The Winner: “Presto”
Short Film (Live Action):
My annoyance that the Academy might go with the obvious German short “Spielzeugland (Toyland)” due to its Holocaust themes is growing, but there’s something that people are forgetting: In the past, this category has more often gone to a charming comic film rather than a drama, and while “Toyland” has cute kids that will warm the hearts of Oscar voters, the other movie with kids, Steph Green’s “New Boy,” is the kind of joyful look at an immigrant boy’s first day at school that it will be hard to ignore. As much as we’d love to see it take the prize, there’s just too much support for the Germany Nazi movie among those who’ve seen all five movies so we have to go with the majority
The Winner: “Spielzeugland (Toyland)”
For the past six months, it seemed obvious that Pixar Animation’s WALLE (Disney/Pixar) was going to win this category without breaking a sweat. Some people even felt that the movie was good enough that it should be nominated in the Best Picture category. The recent Annie Awards sweep by DreamWorks’ Kung Fu Panda was daunting, especially since Pixar Animation has won every previous year, even with Cars. That film is voted on solely by animators who probably had a soft spot for that movie’s martial arts premise, but we still think that the members of the Academy will go for the Pixar movie that has received numerous prior awards. The obvious giveaway is that the Pixar movie once again got into many other categories including original screenplay, sound editing and mixing, and the music categories, while Kung Fu Panda is nowhere to be seen except for here.
The Winner: WALLE
If there’s one category that screws up every single office Oscar pool, it’s this one very few people outside the Academy get to see the contenders. Last Sunday, the Oscar Warrior spent a couple hours at the Museum of Modern Art to see this year’s four contenders, and yet it still feels like it could go any of three ways.

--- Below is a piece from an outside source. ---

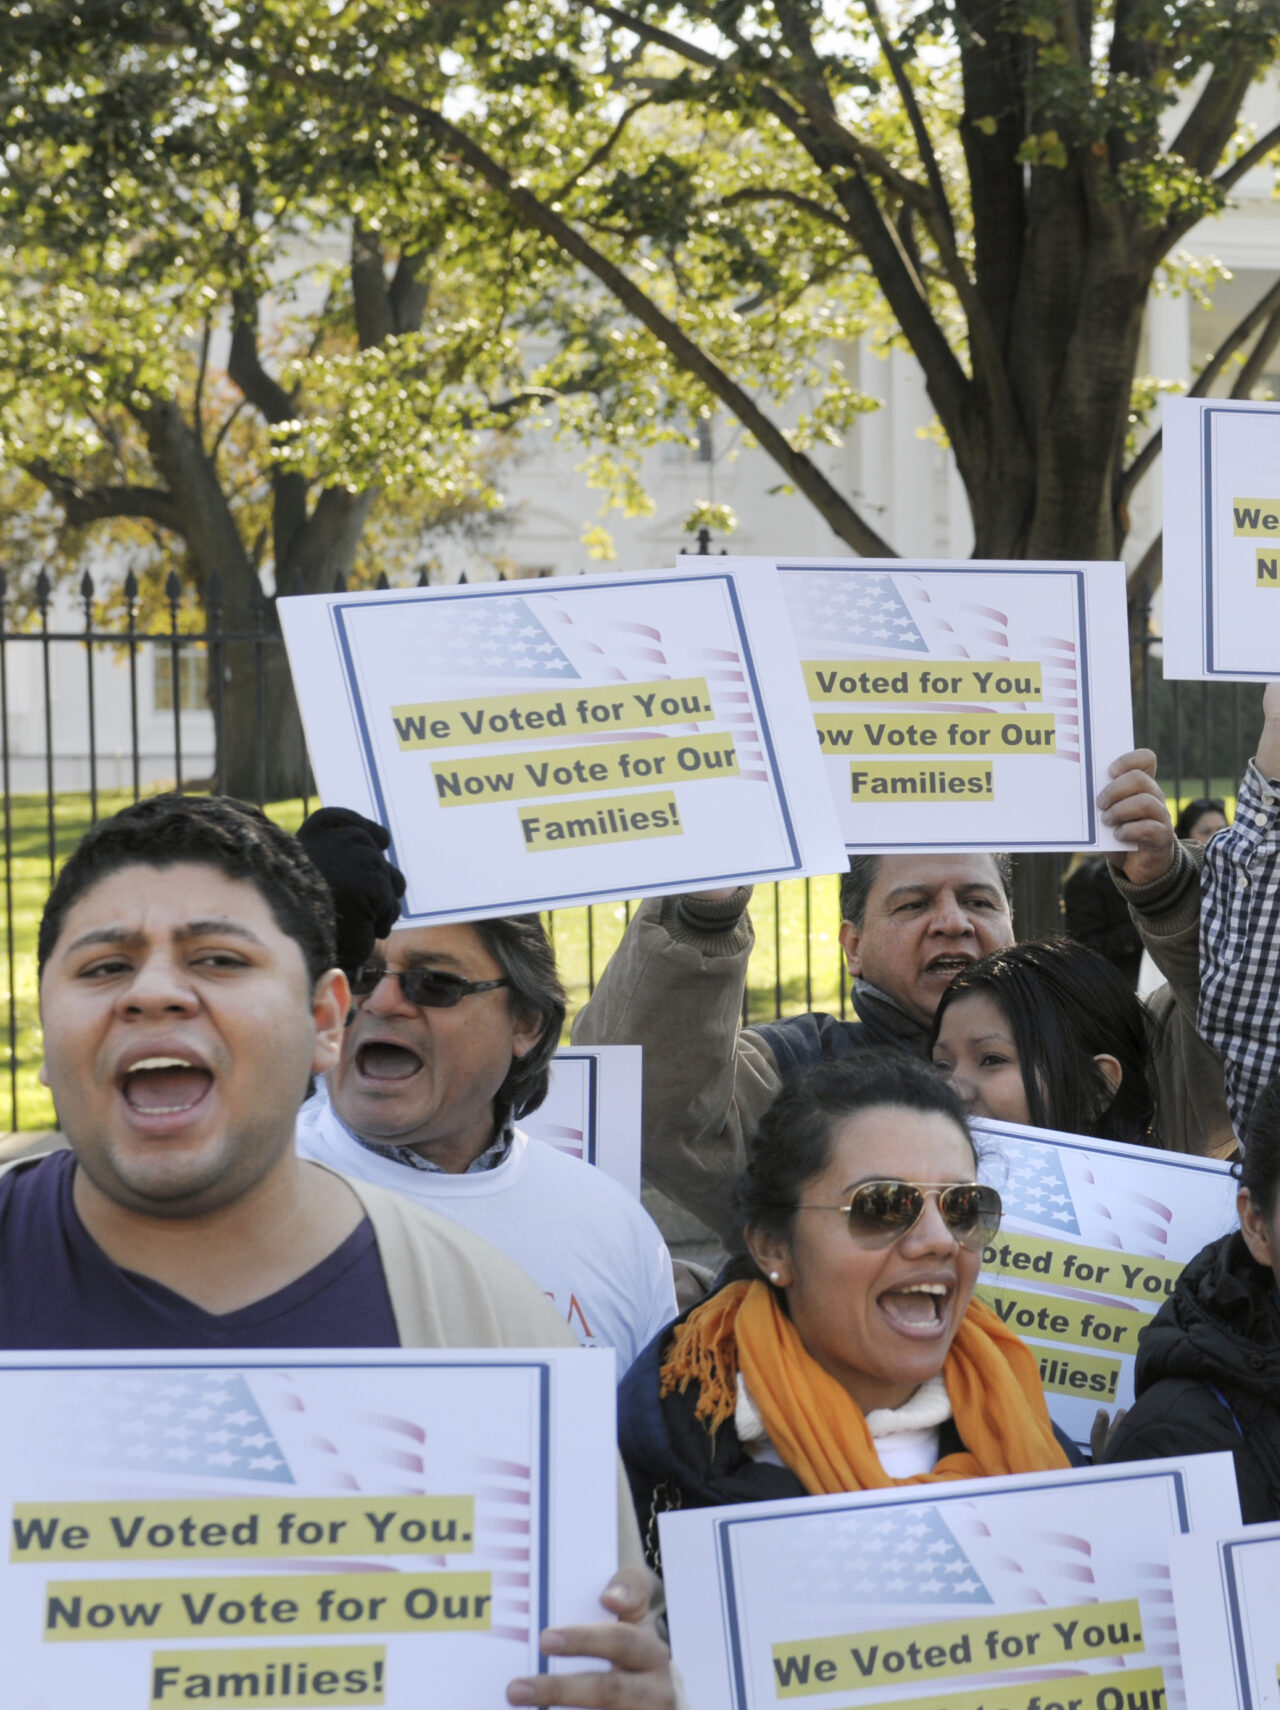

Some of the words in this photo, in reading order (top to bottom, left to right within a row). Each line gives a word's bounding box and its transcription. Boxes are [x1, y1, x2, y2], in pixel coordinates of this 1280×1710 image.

Steven Okazak has received four nominations in this category with one previous win, and his new movie “The Conscience of Nhem En,” about a photographer who took ID photos of thousands of people killed by Cambodia’s Khmer Rouge, is a poignant and moving film. Even so, it’s going up against two real crowd-pleasers in Megan Mylan’s “Smile Pinki” and Adam Pertofsky and Margaret Hyde’ “The Witness – From the Balcony of Room 306.” The former is a heartwarming tale of an adorable young girl from a poor family in India scarred by a cleft lip who gets the opportunity to have it fixed. It’s a wonderful story, one that makes a great companion piece to Danny Boyle’s Slumdog Millionaire, but it’s going up against a far more traditional documentary about a timely subject matter, the death of Dr. Martin Luther King Jr., as told by someone who was with him on the balcony on that fateful day in Memphis edited together with rare footage. The subject matter and artistic filmmaking of the latter should win out, even if the former is more of a crowdpleaser. In fact, the only one that absolutely has no chance of winning is “The Final Inch” about the fight against Polio in India, because “Smile Pinki” covers similar territory in a much more personal way.
The Winner: “The Witness From the Balcony of Room 306”
The Winner: Man on Wire
Best Achievement in Sound Editing:
This is one of the vaguer categories, but it’s basically awarded for the use of sound effects and sound design. While Slumdog Millionaire is included in this category, this Oscar is usually rewarded to the loudest action movie or the one with the most creative sound FX. Since that’s essentially all four of the other candidates, we’ll probably have to rule out Danny Boyle’s movie here.
The most obvious choice is Richard King’s effects work for Christopher Nolan’s The Dark Knight–King won previously for Master and Commander: The Far Side of the World–but one could be just as easily impressed with the work of Oscar regulars Frank Eulner and Christopher Boyes for Jon Favreau’s Iron Man. The two of them have been nominated many times in both sound categories, and they’ve won four previous Oscars in the other sound category, which could keep them out of the running.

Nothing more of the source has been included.